Acqua, Carbon Disclosure Project: nel 2017 investiti dalle aziende 23,4 miliardi di dollari

MeteoWeb

Le grandi aziende stanno investendo a livelli record nella sicurezza dell’acqua e i CdA sono sempre più coinvolti nelle decisioni. Nel 2017 le aziende hanno investito 23,4 miliardi di dollari in progetti sull’acqua come la desalinizzazione, il recupero delle acque reflue e l’ottimizzazione dei processi di irrigazione al fine di evitare sprechi, circa 1.000 progetti in 91 paesi. E’ quanto emerge dal report CDP (Carbon Disclosure Project) pubblicato oggi che analizza i dati sull’acqua forniti da 742 big dell’industria fra cui Nestlé, Burberry e Kellogg’s.
Dal report emerge un atteggiamento di crescente responsabilità, un miglioramento nelle performance di gestione idrica, un aumento del 40% nella divulgazione dei dati e uno sbalorditivo +193% nel numero delle aziende presenti nel CDP Water A List., graduatoria che premia i migliori risultati.
In Italia sono 10 le aziende a collaborare con CDP sul tema dei rischi legati all’acqua, fra cui Brembo Spa, Pirelli, Piaggio e A2A. Il tasso di risposta, che è maggiore rispetto alla media globale, mostra interesse crescente per l’argomento; è infatti cresciuto dal 43% nel 2016 al 67% nel 2017. Fca è la sola compagnia italiana a comparire nella CDP Water A List per la seconda volta nel 2017. Fra le azioni intraprese dal gruppo vanno ricordate l’impegno con le comunità locali per indirizzare specifici bisogni ambientali, fra cui presentare il piano di sviluppo del nuovo stabilimento di Goiana (Brasile) ad una platea di 800 decisori di comunità, all’interno di un processo negoziale ad oggi in corso. La compagnia inoltre ha stabilito, entro il 2020, la riduzione del 40% dei consumi d’acqua rispetto ai livelli del 2010, passando da 33.7 a 24.4 megalitri.
Il settore energetico continua ad essere il fanalino di coda, 101 sulle 138 aziende interpellate non hanno divulgato dati. Exxon Mobil e Royal Dutch Shell sono fra le aziende che non hanno mai fornito dati a CDP sulla propria gestione dell’acqua. Gli interessi in gioco, rileva il Ceo di CDP, Paul Simpson, “sono alti nel valutare i progressi aziendali verso un mondo dove le risorse idriche sono sicure.
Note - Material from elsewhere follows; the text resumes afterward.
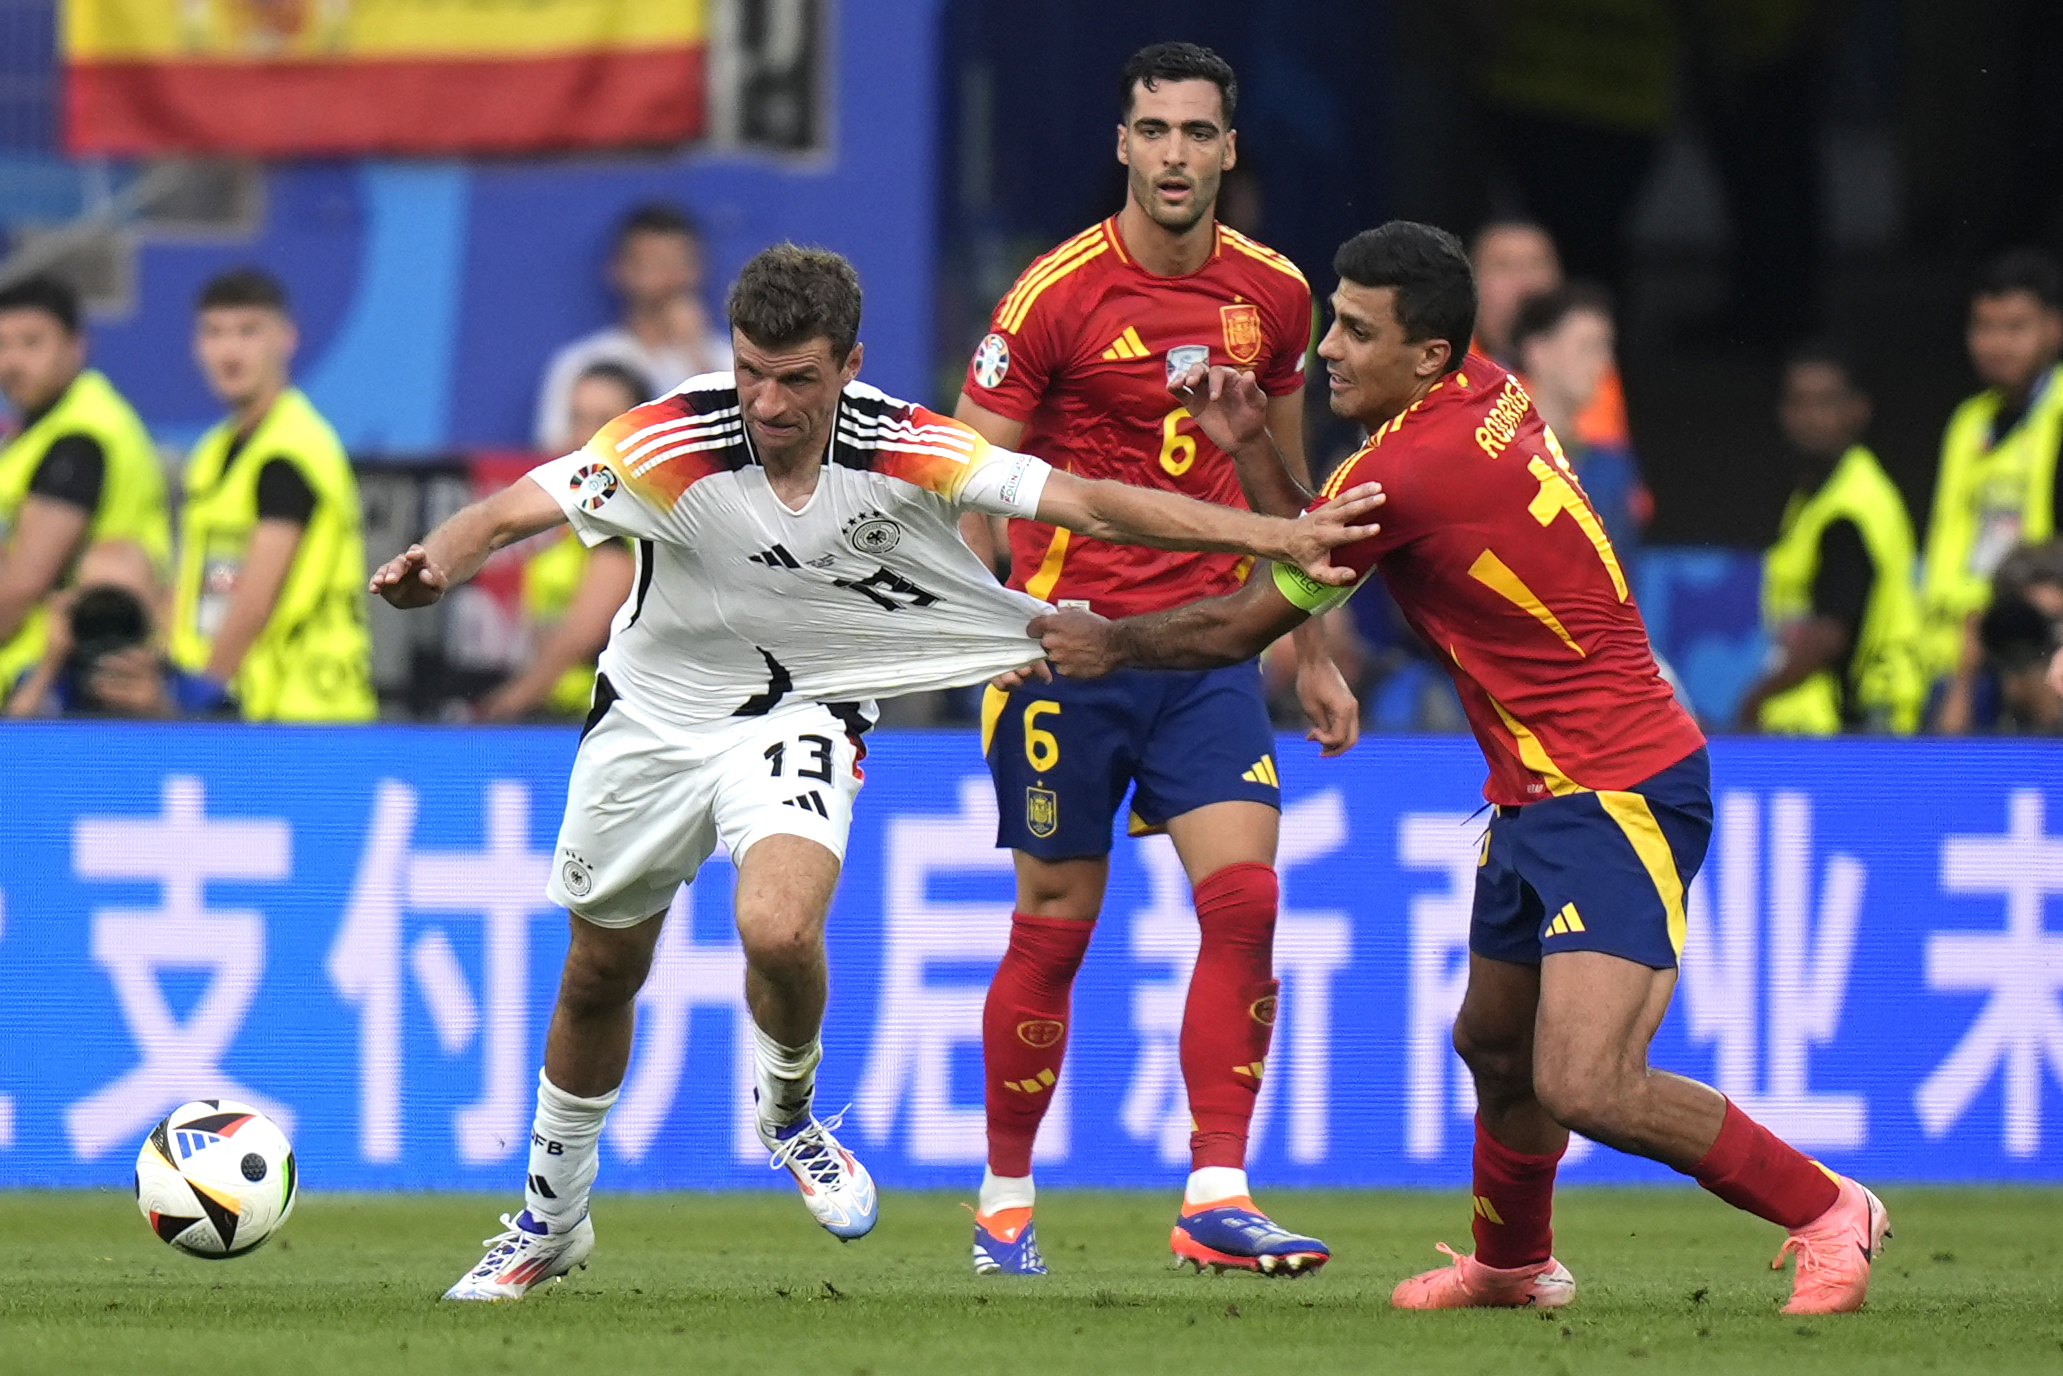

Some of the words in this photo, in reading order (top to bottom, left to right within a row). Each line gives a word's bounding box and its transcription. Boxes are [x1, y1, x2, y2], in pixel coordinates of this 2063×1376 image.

[1159, 407, 1197, 476] 6
[763, 733, 835, 788] 13
[1023, 699, 1061, 773] 6
[0, 772, 2063, 1163] 支付启新业未
Danni di immagine, interruzione della catena di fornitura, costi operativi aumentati, crescita bloccata, sono solo alcuni degli effetti negativi che la minaccia alla sicurezza dell’acqua può provocare alle aziende di tutto il mondo”.
La ricerca, aggiunge, “mostra come sempre più grandi compagnie si stanno sfidando per entrare a fra parte della A list, queste compagnie sono quasi triplicate nel corso dell’ultimo anno e circa l’8% applica una valutazione del costo interno reale della risorsa. Congratulazioni a queste organizzazioni che stanno aprendo la strada ad una nuova importante visione“.